ELM: I wonder if this is partly, like, you know, we’re well over a decade into Web 2.0, and the big open social web, and it’s been plenty of time for people to see that this, like: there’s an emptiness to going viral.
FK: Yeah.
ELM: Like, there’s, there’s a very short—actually I mean like, your tweet goes viral, that is kinda funny for like an hour and then you’re like “Wait no, I’m gonna mute this right now.”
FK: Yeah.
ELM: It’s exhausting and upsetting. And, like, not even like people yelling at you with discourse stuff, but like…you know what I mean? Like…
FK: Totally.
ELM: Ugh, I had this tweet—can I just say, side note? Can you remember two years ago when I tweeted about tennis shoes?
FK: No! I don’t remember what, anything you tweeted about two years ago!
ELM: This is my—well, I didn’t know it was two years ago but I found this out because, so I found, it was like this article from Reader’s Digest that was like a heatmap of different terms
FK: Oh wait, no I do remember this because we like—you were really like—yeah.
ELM: So this was like, so “sneakers” were, like, tiny corner of the Northeast in blue, and “gym shoes” in Chicago were green, and then the entire rest of the United States was red for “tennis shoes.” And so I just posted this, like, horrified tweet that was like “You all say this?!” And it went viral and, like, I got like hundreds of followers over this stupid tweet and I was like—
FK: And I do want to report, which I know I did at the time: Yes! We call it “tennis shoes”!
ELM: I hate it. Thanks, I hate it! And it was so, it’s so weird too cause it’s like “Why are you following me for this? You are gonna be leaving shortly when I just make fun of journalists for not understanding fanfiction.” [coughs] Which is what I do on my Twitter.
But it resurfaced over the weekend, because it—someone googled this question, like, “tennis shoes versus sneakers,” and like the first result was an article where someone had embedded my tweet.
FK: Oh my God.
ELM: And literally—literally wrote an article about this question!
FK: Oh my God.
ELM: And so then I, I realized that it was being shared again, cause I was like “Why are all these people following me again?”
FK: It’s because of something you said about tennis shoes.
ELM: Pretty popular. My opinions are pretty popular.
FK: “Plimsolls” don’t even make it on the list.
ELM: Stop it, get outta here. [FK laughs] On the bright side I gotta say shoutout to Twitter, you really suck on all levels except you’ve really tightened up your “mute this tweet.” Cause two years ago when I did it, it was, things were leaking through.
FK: Mm-hmm.
ELM: Seems to be ironclad now.
FK: Great.
ELM: Appreciate it. I wanted it muted.
FK: Yeah no but—but your point about, like, virality being like…
ELM: Unpleasant.
FK: Yeah!
ELM: Right, and this wasn’t like people yelling at me for my opinions. Or like calling me problematic.

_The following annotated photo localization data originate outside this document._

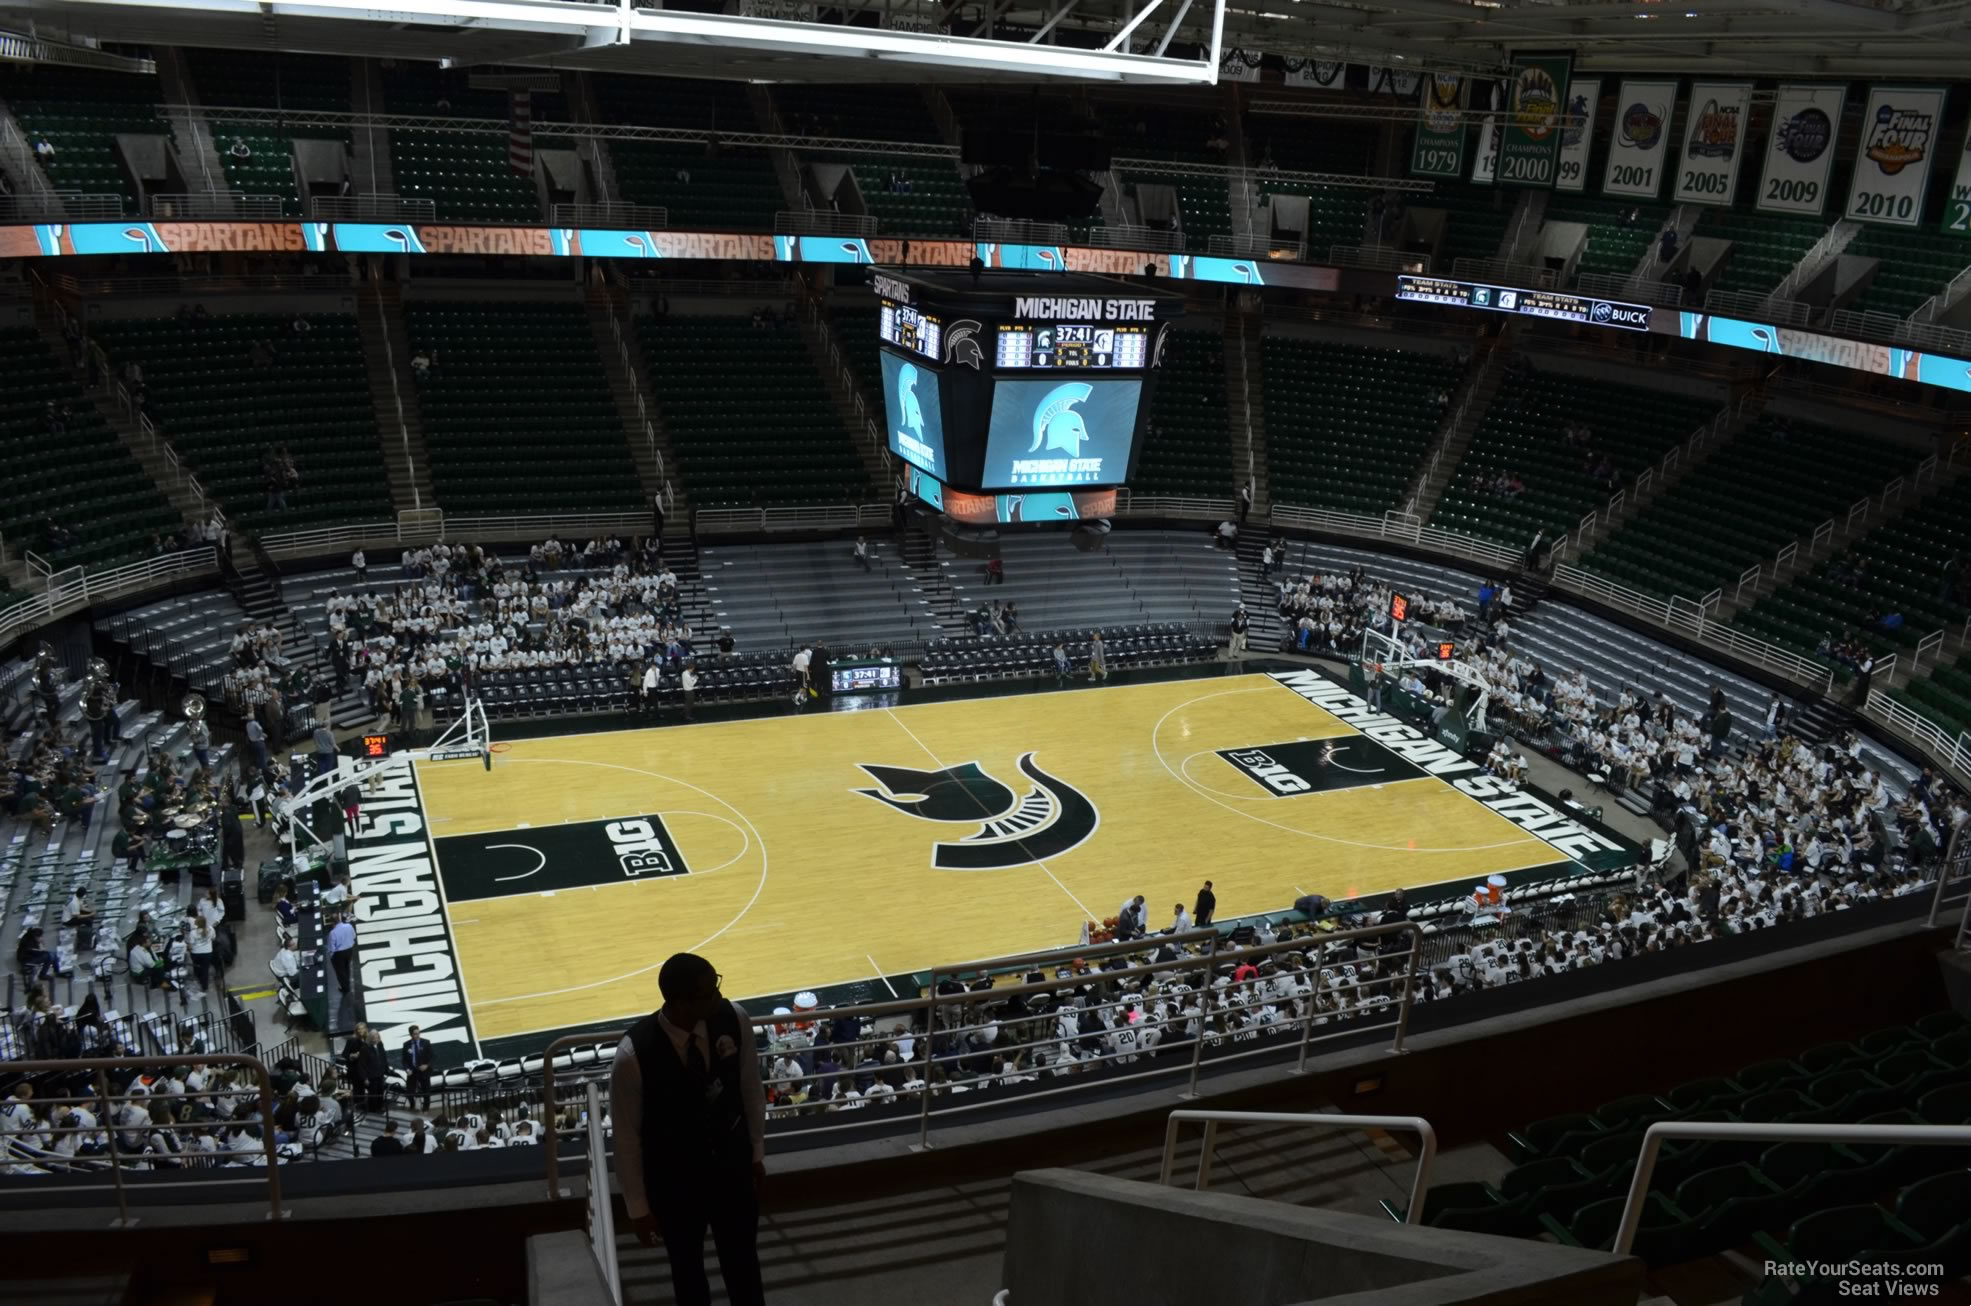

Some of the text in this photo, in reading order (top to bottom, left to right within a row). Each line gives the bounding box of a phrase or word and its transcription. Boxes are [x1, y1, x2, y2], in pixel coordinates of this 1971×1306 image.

[1418, 150, 1457, 171] 1979
[1503, 155, 1549, 180] 2000
[1612, 165, 1653, 187] 2001
[1682, 171, 1728, 194] 2005
[1766, 178, 1818, 203] 2009
[1854, 192, 1913, 218] 2010
[160, 222, 302, 253] SPARTANS
[418, 226, 552, 256] SPARTANS
[655, 234, 776, 261] SPARTANS
[1065, 248, 1170, 276] SPARTANS
[874, 274, 910, 304] SPARTANS
[1412, 279, 1433, 287] TEAM
[1532, 293, 1554, 301] TEAM
[1014, 297, 1156, 321] MICHIGAN STATE
[1612, 309, 1648, 324] BUICK
[1056, 328, 1091, 341] 37:41
[1038, 354, 1046, 366] 0
[1098, 354, 1106, 366] 0
[1779, 328, 1890, 375] SPARTANS
[1012, 458, 1103, 474] MICHIGAN STATE
[1010, 473, 1099, 483] BASKETBALL
[854, 670, 876, 679] 37:41
[1442, 728, 1460, 744] xfinity
[369, 744, 383, 756] 35
[1271, 668, 1626, 861] MICHIGAN STATE
[347, 841, 469, 1051] MICHIGAN
[1118, 1031, 1134, 1044] 20
[300, 1117, 316, 1129] 20
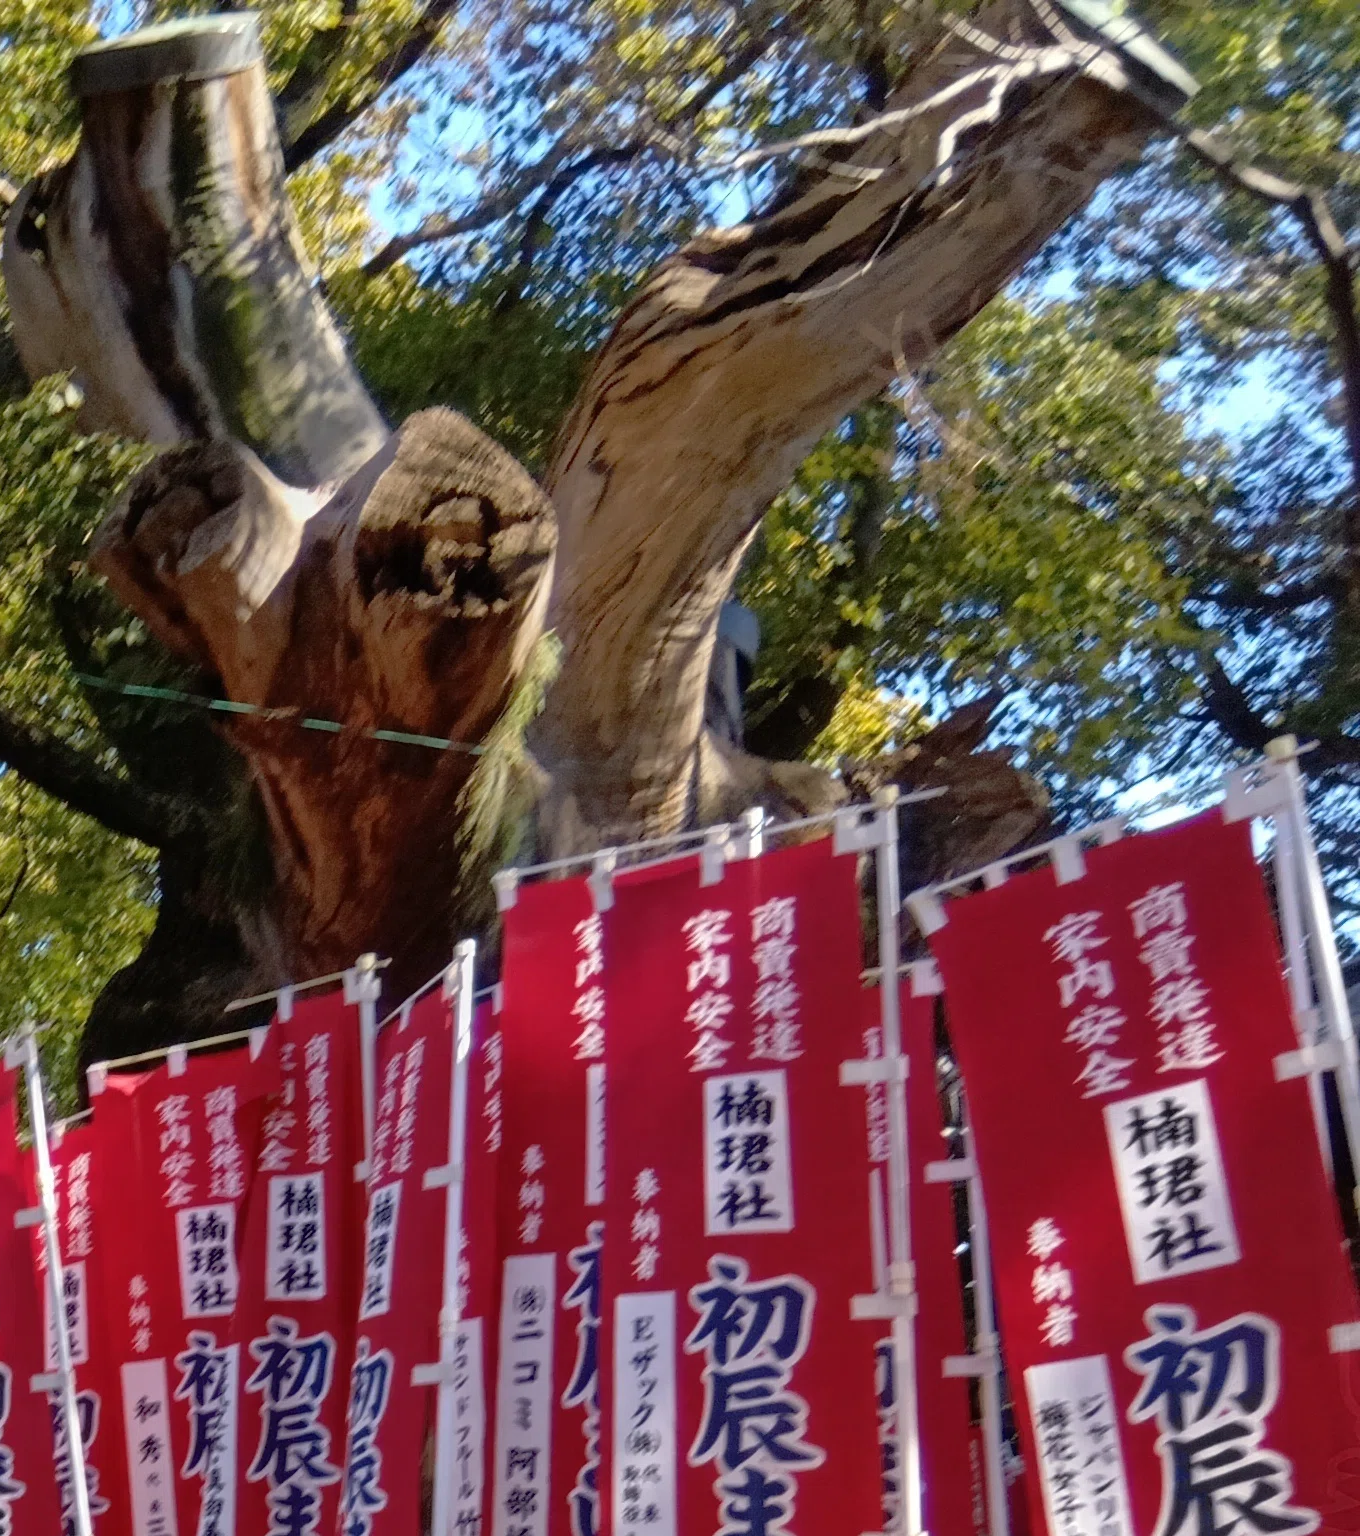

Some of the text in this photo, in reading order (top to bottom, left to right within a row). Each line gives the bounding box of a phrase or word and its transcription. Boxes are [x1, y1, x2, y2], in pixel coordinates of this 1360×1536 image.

[681, 909, 736, 1073] 家内安全
[1041, 909, 1138, 1099] 家内安全
[154, 1094, 198, 1208] 家内安全
[368, 1052, 404, 1187] 家内安全
[714, 1079, 782, 1228] 楠珺社
[275, 1179, 322, 1296] 楠珺社
[518, 1143, 546, 1244] 奉納者
[630, 1167, 662, 1282] 奉納者
[1121, 1097, 1227, 1272] 楠珺社
[128, 1273, 152, 1354] 奉納者
[183, 1211, 237, 1314] 楠珺社
[1025, 1216, 1078, 1348] 奉納者

FK: No, even good viral is unpleasant!
ELM: No. And so I think that there—if you see in your own life, which I think a lot of people have had an opportunity to do, if you have a post go viral, it happens to random people all the time, right?
FK: Yeah.
ELM: You see the very limited rewards of that/no rewards at all, and I think that it’s, there’s been enough time for people to experience that where you’re like “Well, what actually brings me emotional satisfaction? Maybe it is sending it to five people who truly love it and not just getting 10,000 hits of people who are like “Eh.”
FK: Yeah, yeah, absolutely. And I think there’s also like, some amount of…and again, this is why I think that this is probably partially personal. But I’ve discovered in the past year that I’ve, like, reconnected with people who I lost touch with, just because we all get on, like, a new platform and I’m like “Oh wait! Oh! This person! I remember you from like 10 years ago on LiveJournal, look at that, we happen to be here!” And sometimes that is, like, a very…you know, it’s like you knew them a little bit, and so you have some excuse to like respond, get into a conversation, and it’s very very rewarding to sort of pick that stuff up again, in a way that…you know, that I’ve been finding pleasant.

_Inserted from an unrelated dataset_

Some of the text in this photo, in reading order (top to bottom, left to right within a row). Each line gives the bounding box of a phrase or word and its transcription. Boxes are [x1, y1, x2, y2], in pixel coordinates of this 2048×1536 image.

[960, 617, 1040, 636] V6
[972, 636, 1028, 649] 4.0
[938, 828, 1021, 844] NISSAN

And again, I suspect that this—I mean maybe other people are having this who are sort of about, who have been online about the same amount of time. I don’t know, I would be curious to find out. Because I think that there is something sort of about the life cycle of different social media and the life cycle of friendships and so on that’s maybe coming around for me. And maybe for other people too.

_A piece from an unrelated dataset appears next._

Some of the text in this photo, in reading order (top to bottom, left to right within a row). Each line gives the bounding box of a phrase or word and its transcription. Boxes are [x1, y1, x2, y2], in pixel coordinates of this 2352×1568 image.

ELM: OK. Well, then, I will think about the…not the big corporate things, but the things on a more day-to-day level. I think that it’s interesting to look at Tumblr, eight months after the, the great female-presenting-nipples gate.
FK: Explain it to me because I am just so not on Tumblr right now. Not at all.
ELM: Yeah, but you kinda checked out of Tumblr long before this.
FK: I did I did I did, but I’m just sayin’, tell me about it. Like, treat me like I don’t know anything about this, cause I really don’t.
ELM: It’s interesting, I’m sure depending on what subcommunities you’re on there, what fandoms you’re on there, whether you’re really into you know super-explicit stuff or not, is gonna make a big difference about how this is. But for me and for a lot of people I’ve talked to, very little has changed on the platform. They had a few wacky weeks where all sorts of hilarious things like, in my case, kitten noses were tagged as explicit.
FK: Oh ho!
ELM: They created a little feature saying you can appeal it, a human looked at it and would resolve the appeal.
FK: “That’s a kitten nose.”
ELM: You know, I know people who just quit in protest the second that was announced, and like, I respect that, that’s fine, I was definitely more of the like, “You will have to—I’m going down with this ship” kind of attitude about it. Not least cause I like Tumblr, but also like, cause I feel like it’s still one of the central places of fandom and it’s important for me to be on it and observe conversations on there. You know?
FK: Yeah.
ELM: So, which is not me subtweeting you at all, but uh, it would be—
FK: No, I mean I—no genuinely I think that, like, Star Trek fandom, of course there are people in Star Trek fandom on Tumblr, but there’s also a big chunk on Twitter who are like, just doin’ their different thing, and like—yeah. So I think that like, to some extent, like—it’s to do in part with what you’re interested in and the fandoms you’re in, right?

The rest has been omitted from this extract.